#### [YOUR INSTRUCTIONS]
In the material below, write out each line word for word and omit the pictures.
-------- DATASET CONTENT
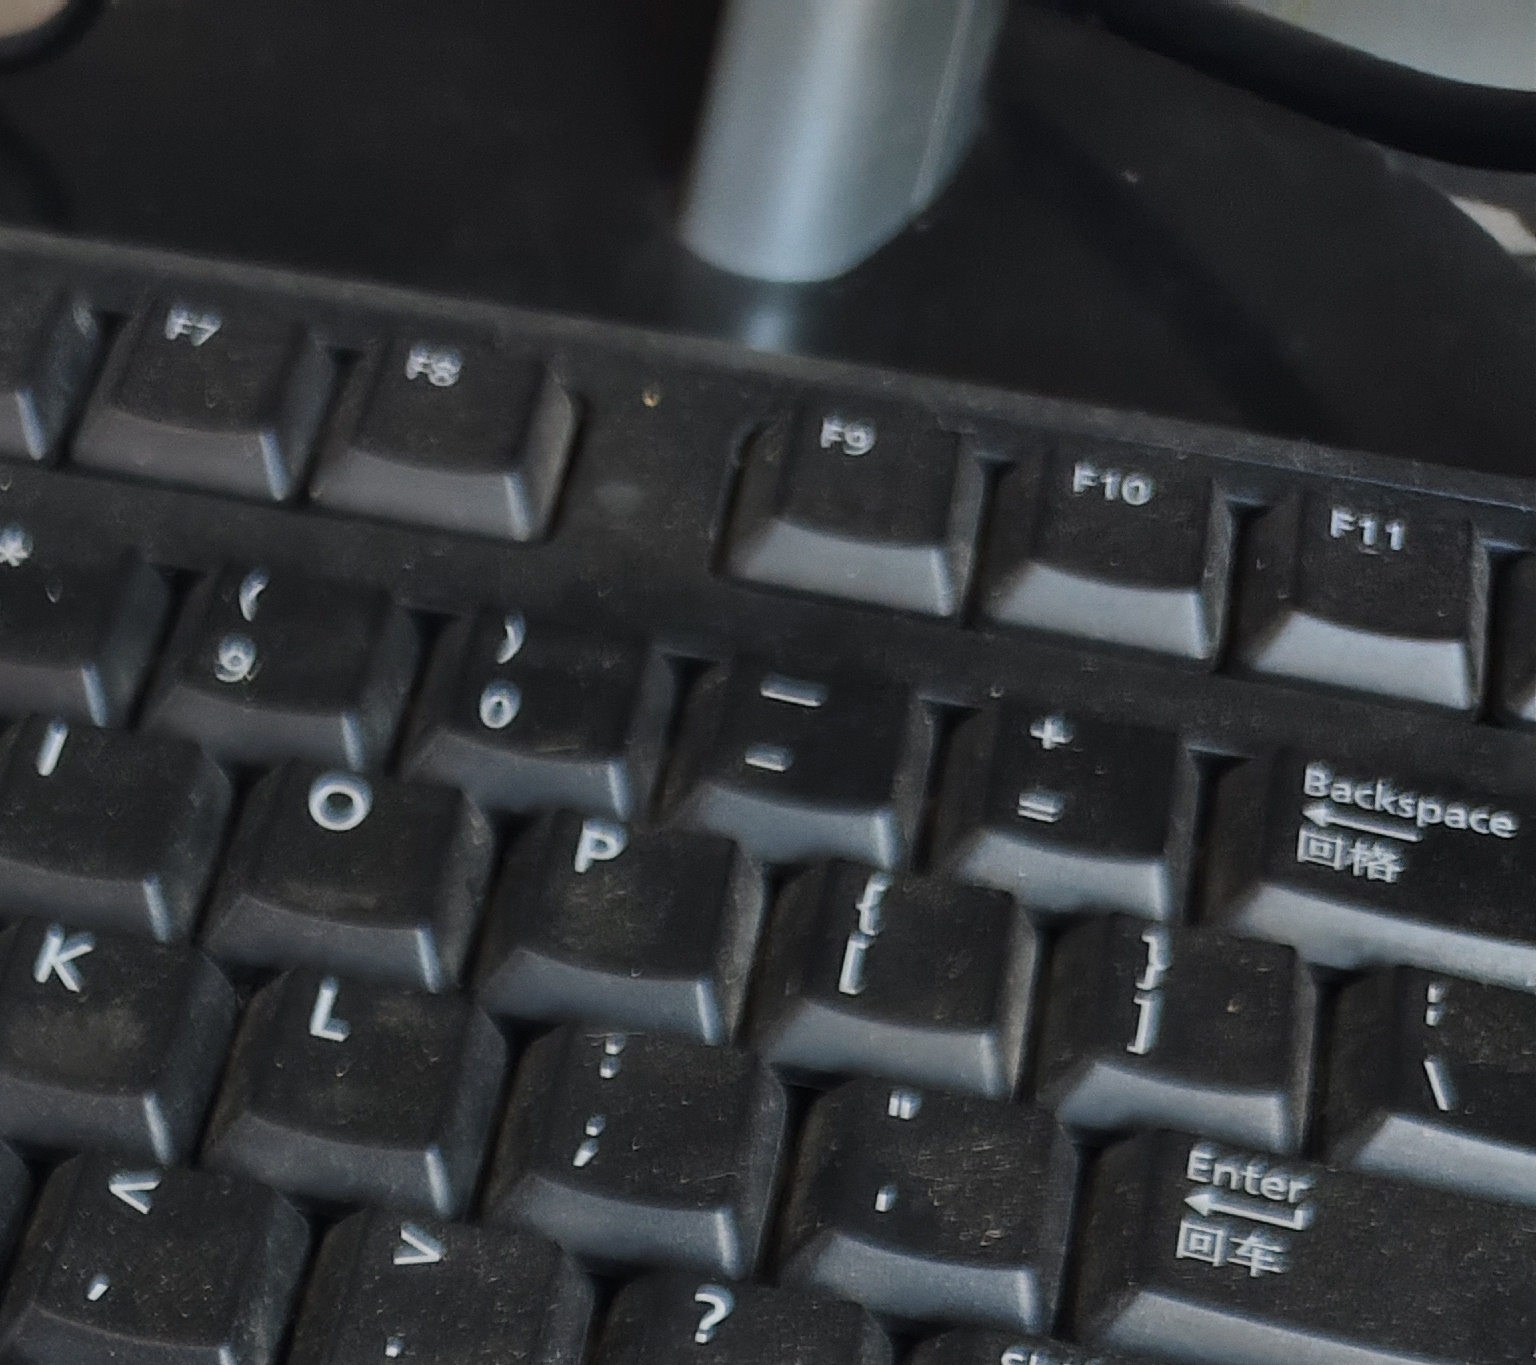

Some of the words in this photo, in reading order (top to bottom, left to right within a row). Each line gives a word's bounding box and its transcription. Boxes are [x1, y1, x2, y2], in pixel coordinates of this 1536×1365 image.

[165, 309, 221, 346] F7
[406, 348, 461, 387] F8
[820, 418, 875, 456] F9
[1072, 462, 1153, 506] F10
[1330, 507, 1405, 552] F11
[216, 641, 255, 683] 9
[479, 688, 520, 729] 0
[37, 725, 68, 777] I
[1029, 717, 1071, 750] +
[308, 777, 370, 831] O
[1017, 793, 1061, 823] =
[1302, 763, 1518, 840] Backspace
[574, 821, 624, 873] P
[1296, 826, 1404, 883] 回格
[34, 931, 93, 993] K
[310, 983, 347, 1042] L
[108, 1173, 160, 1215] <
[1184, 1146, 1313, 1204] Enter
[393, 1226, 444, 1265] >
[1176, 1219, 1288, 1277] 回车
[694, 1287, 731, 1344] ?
----------------
#### [EXPECTED OUTPUT]
Some of the words in this photo, in reading order (top to bottom, left to right within a row). Each line gives a word's bounding box and its transcription. Boxes are [x1, y1, x2, y2], in pixel coordinates of this 1536×1365 image.

[165, 309, 221, 346] F7
[406, 348, 461, 387] F8
[820, 418, 875, 456] F9
[1072, 462, 1153, 506] F10
[1330, 507, 1405, 552] F11
[216, 641, 255, 683] 9
[479, 688, 520, 729] 0
[37, 725, 68, 777] I
[1029, 717, 1071, 750] +
[308, 777, 370, 831] O
[1017, 793, 1061, 823] =
[1302, 763, 1518, 840] Backspace
[574, 821, 624, 873] P
[1296, 826, 1404, 883] 回格
[34, 931, 93, 993] K
[310, 983, 347, 1042] L
[108, 1173, 160, 1215] <
[1184, 1146, 1313, 1204] Enter
[393, 1226, 444, 1265] >
[1176, 1219, 1288, 1277] 回车
[694, 1287, 731, 1344] ?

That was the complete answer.